Please reproduce the listing verbatim, without its images.

• • • • •

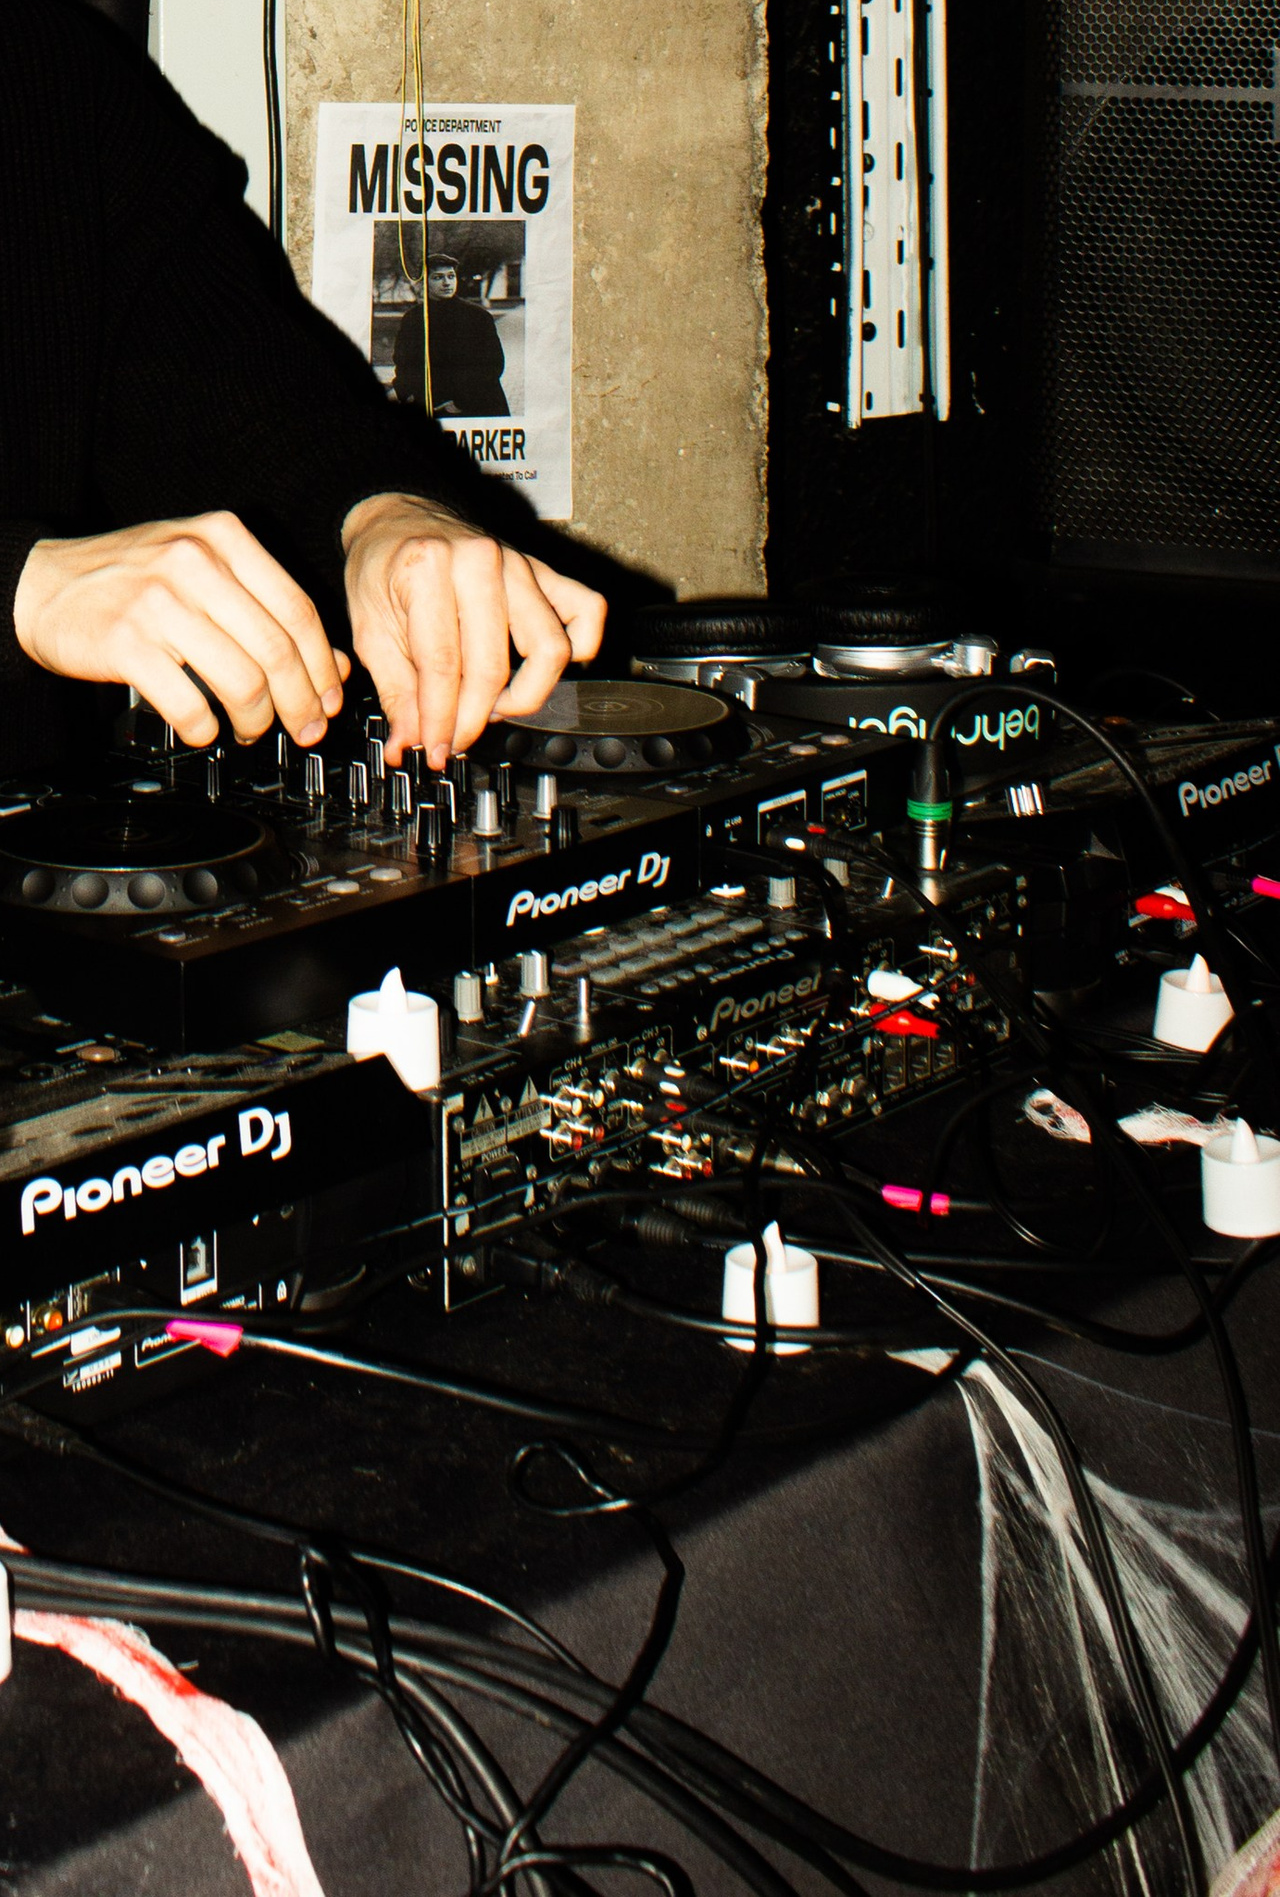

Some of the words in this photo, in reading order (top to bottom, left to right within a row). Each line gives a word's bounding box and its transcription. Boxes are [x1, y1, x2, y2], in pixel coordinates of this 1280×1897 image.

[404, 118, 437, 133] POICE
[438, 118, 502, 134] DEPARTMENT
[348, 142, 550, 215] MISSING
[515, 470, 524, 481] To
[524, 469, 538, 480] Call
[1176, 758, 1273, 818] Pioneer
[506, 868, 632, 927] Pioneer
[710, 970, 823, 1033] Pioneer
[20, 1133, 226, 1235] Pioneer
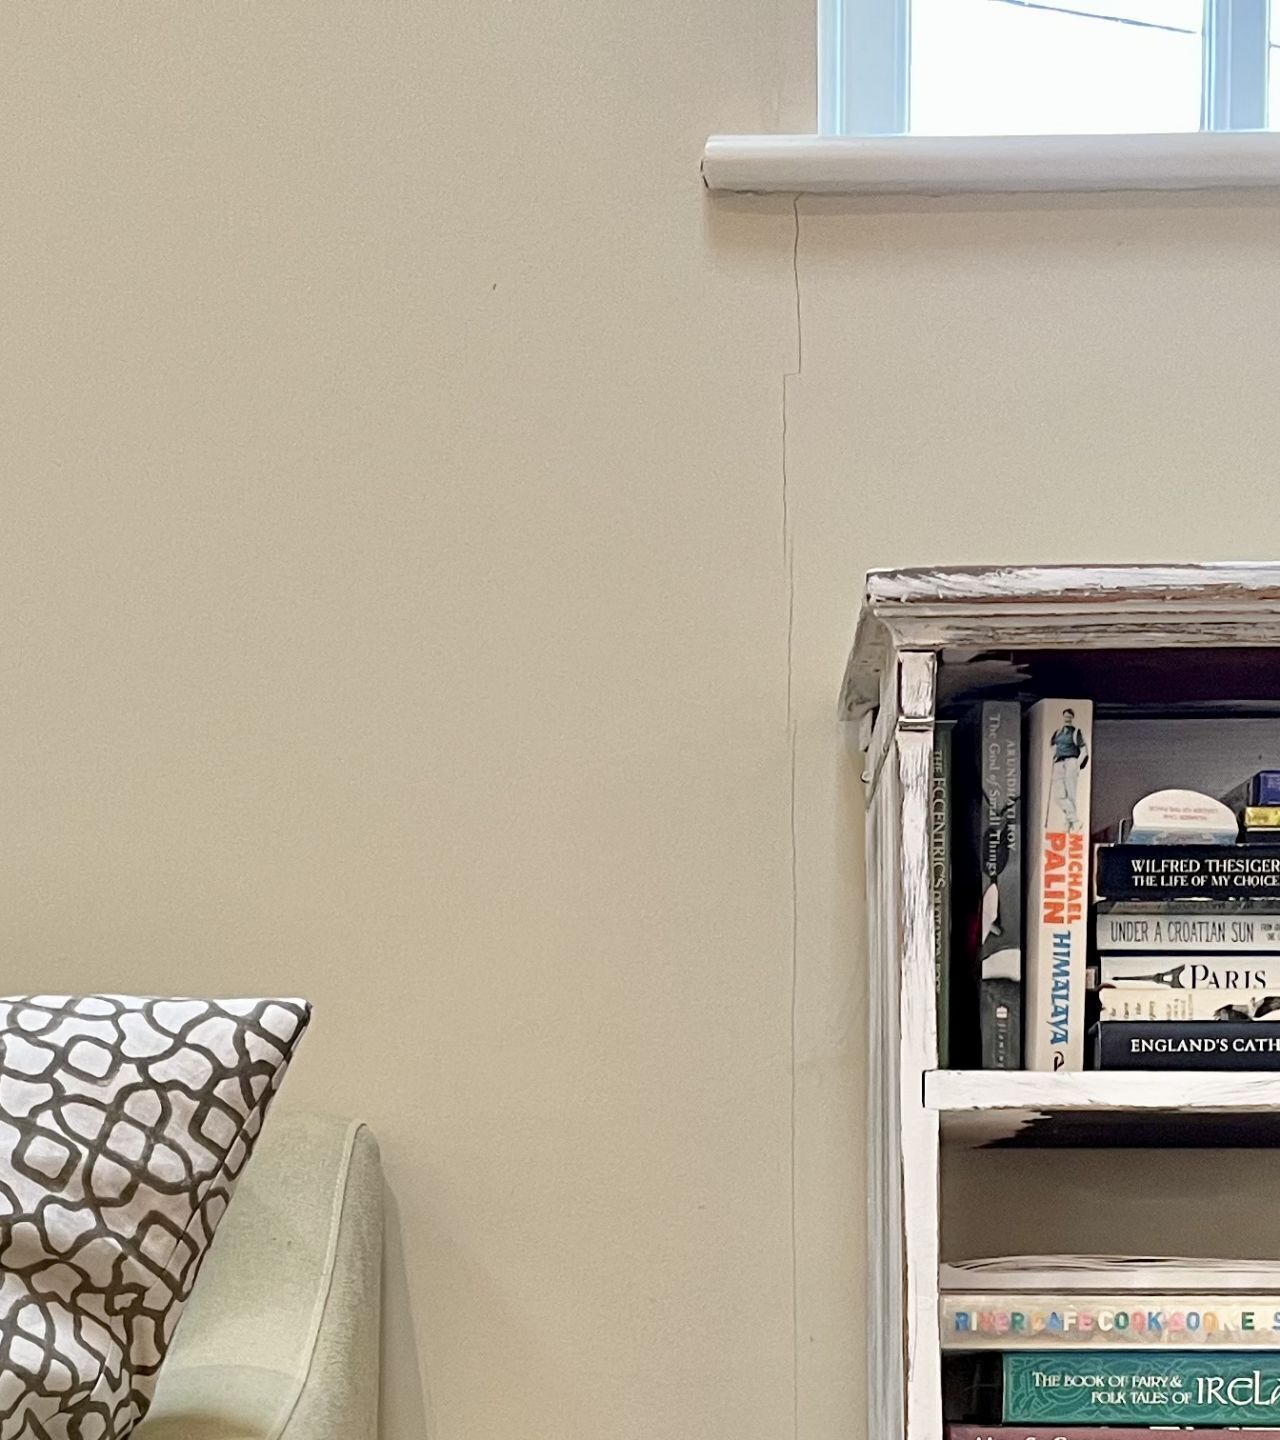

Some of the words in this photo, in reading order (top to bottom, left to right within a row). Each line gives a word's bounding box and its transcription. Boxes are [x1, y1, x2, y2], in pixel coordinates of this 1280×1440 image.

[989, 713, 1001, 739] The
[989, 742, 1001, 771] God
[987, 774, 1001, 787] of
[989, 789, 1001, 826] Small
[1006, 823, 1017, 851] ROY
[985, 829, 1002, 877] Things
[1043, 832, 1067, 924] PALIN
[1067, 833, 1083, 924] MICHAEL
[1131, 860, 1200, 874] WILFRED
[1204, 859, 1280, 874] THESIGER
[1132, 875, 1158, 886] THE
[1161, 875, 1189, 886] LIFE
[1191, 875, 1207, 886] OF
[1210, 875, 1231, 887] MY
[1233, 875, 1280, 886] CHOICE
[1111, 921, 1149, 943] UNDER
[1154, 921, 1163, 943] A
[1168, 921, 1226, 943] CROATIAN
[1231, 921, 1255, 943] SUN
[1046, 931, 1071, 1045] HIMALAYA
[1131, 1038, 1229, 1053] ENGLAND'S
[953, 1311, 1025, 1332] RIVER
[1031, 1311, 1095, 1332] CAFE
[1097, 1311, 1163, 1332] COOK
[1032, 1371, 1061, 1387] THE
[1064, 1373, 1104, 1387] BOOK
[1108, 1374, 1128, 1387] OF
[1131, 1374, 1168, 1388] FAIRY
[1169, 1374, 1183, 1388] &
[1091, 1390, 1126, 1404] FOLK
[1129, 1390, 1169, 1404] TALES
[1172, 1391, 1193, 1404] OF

• • • • •

- [Response area]:
Some of the words in this photo, in reading order (top to bottom, left to right within a row). Each line gives a word's bounding box and its transcription. Boxes are [x1, y1, x2, y2], in pixel coordinates of this 1280×1897 image.

[404, 118, 437, 133] POICE
[438, 118, 502, 134] DEPARTMENT
[348, 142, 550, 215] MISSING
[515, 470, 524, 481] To
[524, 469, 538, 480] Call
[1176, 758, 1273, 818] Pioneer
[506, 868, 632, 927] Pioneer
[710, 970, 823, 1033] Pioneer
[20, 1133, 226, 1235] Pioneer

Some of the words in this photo, in reading order (top to bottom, left to right within a row). Each line gives a word's bounding box and its transcription. Boxes are [x1, y1, x2, y2], in pixel coordinates of this 1280×1440 image.

[989, 713, 1001, 739] The
[989, 742, 1001, 771] God
[987, 774, 1001, 787] of
[989, 789, 1001, 826] Small
[1006, 823, 1017, 851] ROY
[985, 829, 1002, 877] Things
[1043, 832, 1067, 924] PALIN
[1067, 833, 1083, 924] MICHAEL
[1131, 860, 1200, 874] WILFRED
[1204, 859, 1280, 874] THESIGER
[1132, 875, 1158, 886] THE
[1161, 875, 1189, 886] LIFE
[1191, 875, 1207, 886] OF
[1210, 875, 1231, 887] MY
[1233, 875, 1280, 886] CHOICE
[1111, 921, 1149, 943] UNDER
[1154, 921, 1163, 943] A
[1168, 921, 1226, 943] CROATIAN
[1231, 921, 1255, 943] SUN
[1046, 931, 1071, 1045] HIMALAYA
[1131, 1038, 1229, 1053] ENGLAND'S
[953, 1311, 1025, 1332] RIVER
[1031, 1311, 1095, 1332] CAFE
[1097, 1311, 1163, 1332] COOK
[1032, 1371, 1061, 1387] THE
[1064, 1373, 1104, 1387] BOOK
[1108, 1374, 1128, 1387] OF
[1131, 1374, 1168, 1388] FAIRY
[1169, 1374, 1183, 1388] &
[1091, 1390, 1126, 1404] FOLK
[1129, 1390, 1169, 1404] TALES
[1172, 1391, 1193, 1404] OF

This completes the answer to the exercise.